Wilderness Classification for the Boreas Ponds is major milestone in the history of the Adirondack Park

The Adirondack Park Agency today released its long awaited and much discussed proposal for the classification of 20,543 acres of recently purchased public Forest Preserve lands around the Boreas Ponds in North Hudson, Essex County in the Adirondack Park. The APA held a public hearing on four classification options at the end of 2016. The APA will take up this proposal at its monthly meeting to be held on February 1-2, 2018 at its headquarters in Ray Brook. This decision is part of a Forest Preserve classification package that totals over 54,000 acres. Over 10,000 public comments were received during this hearing.

The APA staff is recommending “Alternative 2B” which largely uses the Gulf Brook Roads as the Wilderness-Wild Forest boundary on the Boreas Pond tract. Under state law, Forest Preserve lands classified as Wilderness allow primitive and basic recreational opportunities, such as hiking, canoe paddling or cross-country skiing. Wild Forest areas allow for use of bicycles as well as snowmobiles and motor vehicles. Alternative 2B recommends 11,412 acres for classification as Wilderness and 9,118 acres proposed for Wild Forest.

This is the map published by the APA. The two “pending classification” tracts are also being proposed for Wilderness. This map details the Wilderness-Wild Forest boundary line, which runs just north of the Gulf Brook Road.

 
The classification of the Boreas Ponds as Wilderness and the expansion of High Peaks Wilderness Area marks a great day for the Forest Preserve and Adirondack Park. Classification of the Boreas Ponds as Wilderness is a landmark achievement in the history of the Adirondack Park. Protect the Adirondacks congratulates Governor Cuomo and the Adirondack Park Agency and Department of Environmental Conservation.

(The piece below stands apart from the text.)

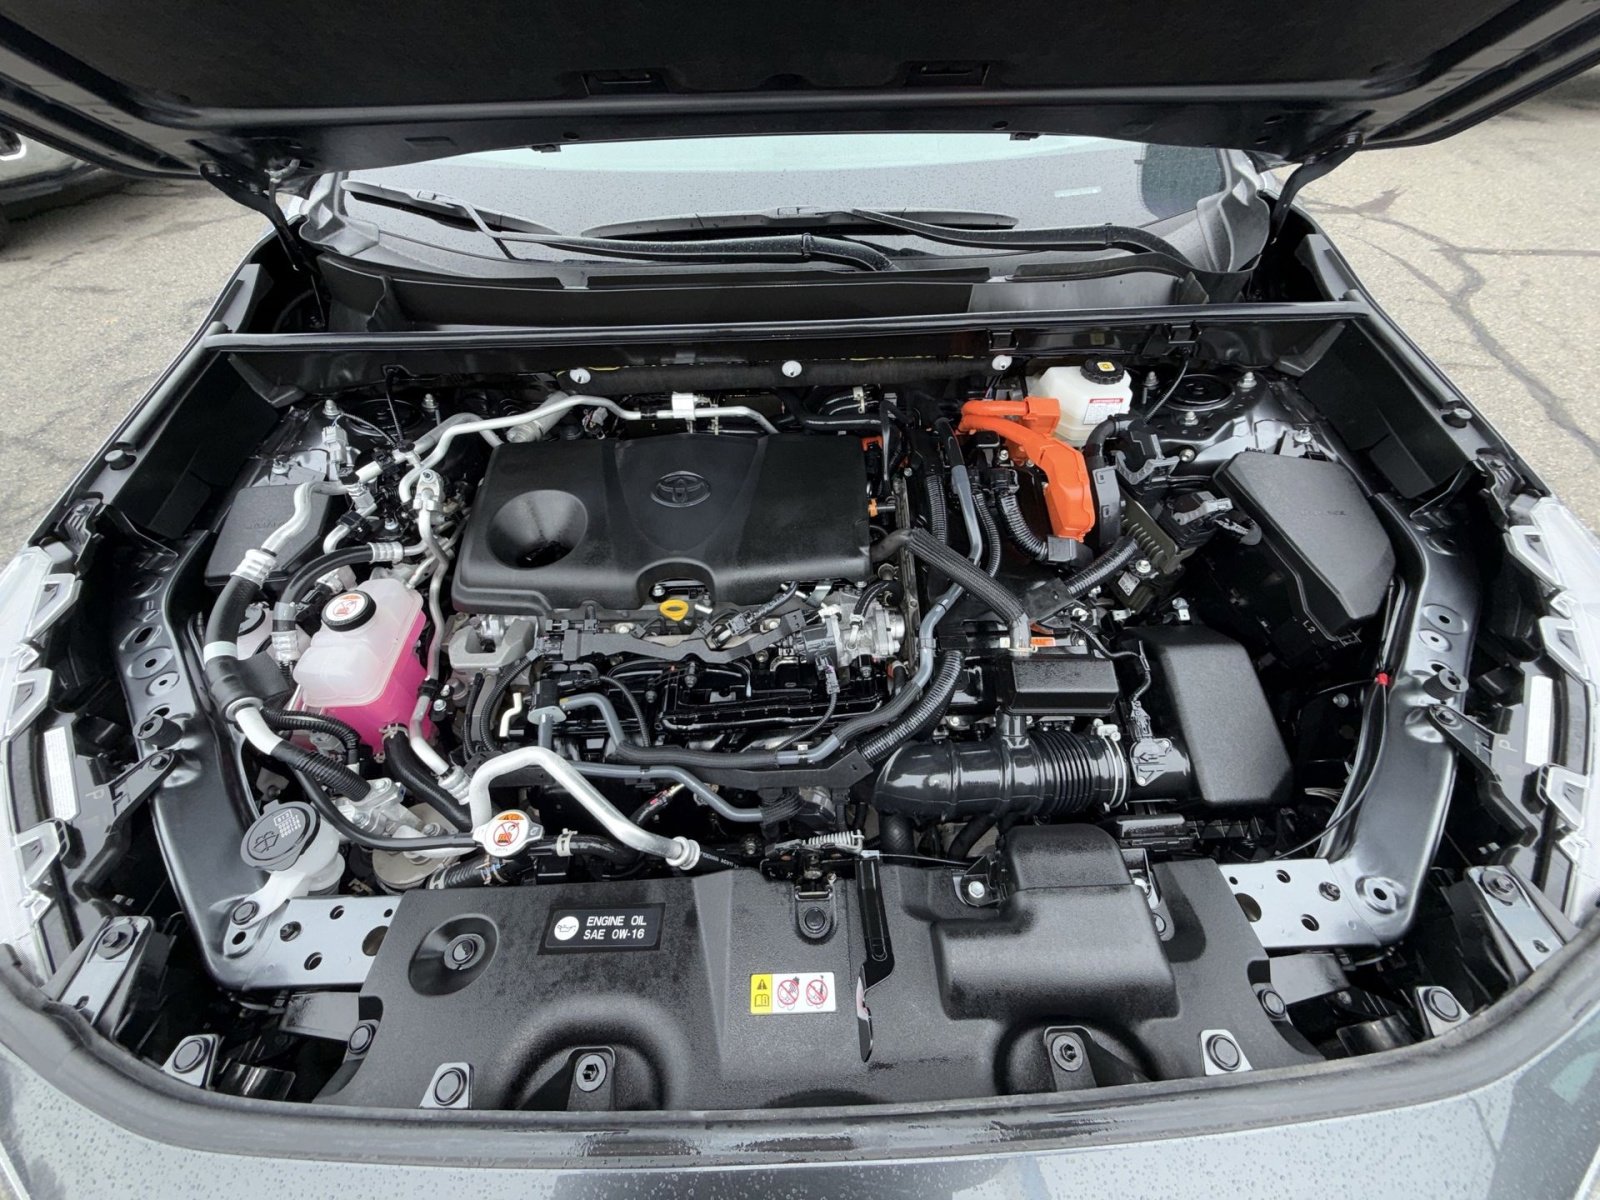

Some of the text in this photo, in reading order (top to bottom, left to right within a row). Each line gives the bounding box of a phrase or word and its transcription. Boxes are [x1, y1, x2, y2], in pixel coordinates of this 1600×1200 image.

[586, 915, 647, 926] ENGINE OIL
[583, 928, 645, 940] SAE 0W-16

Public uses on these lands will be determined through Unit Management Plans (UMPs). The Wilderness lands around the Boreas Ponds will be added to the High Peaks Wilderness and the Wild Forest lands will be added to the Vanderwhacker Mountain Wild Forest area. Both UMPs are expected to be revised in the summer of 2018. Under this classification, public motor vehicle use could be as close as ¼ mile to the shoreline of Boreas Ponds. Under this classification, the Gulf Brook Road could be retained as a Forest Preserve road open to bicycles and motor vehicles and used as a snowmobile trail. The Wilderness area around the Boreas Ponds limits public uses to canoes, kayaks or rowboats, hiking, cross-country skiing and camping.

This decision is a net gain for the Forest Preserve, for Wilderness, and for the Adirondack Park. Over the next several decades, the trees along the Boreas shoreline will grow taller and bigger. The hillsides and mountainsides will see the forest canopy expand and thicken like clasped fingers. Each year across the 11,400 acres around Boreas Ponds wild nature will ceaselessly work unimpeded by humans to reclaim the forests, eat away the roads, overgrow the log landings, bury the culverts, and transform the area into a Wilderness.

Under the APA staff recommendation Wild Forest lands end ¼ mile from the Boreas Ponds. The APA is proposing a Primitive Corridor for administrative purposes to maintain the Boreas Ponds dam. There are no other Primitive Corridors in the areas designated for Wilderness classification. There will also be two small State Administrative areas along the Gulf Brook Road in the Wild Forest lands for the cabin at the 4 Corners that will likely be used as a caretakers cabin, similar to state cabins at Lake Colden, the Raquette River and Marcy Dam, and a small sand and gravel pit that will assist with road maintenance.

It appears that the APA staff’s Alternative 2B is a clean classification. As currently proposed, this classification will not require any changes to the Adirondack Park State Land Master Plan and the boundary line between Wilderness and Wild Forest is distinct. The state’s last major Forest Preserve classification for the Essex Chain Lakes blurred classification lines like a jigsaw puzzle and required changes to weaken the State Land Master Plan. It looks like the state has learned from its mistakes.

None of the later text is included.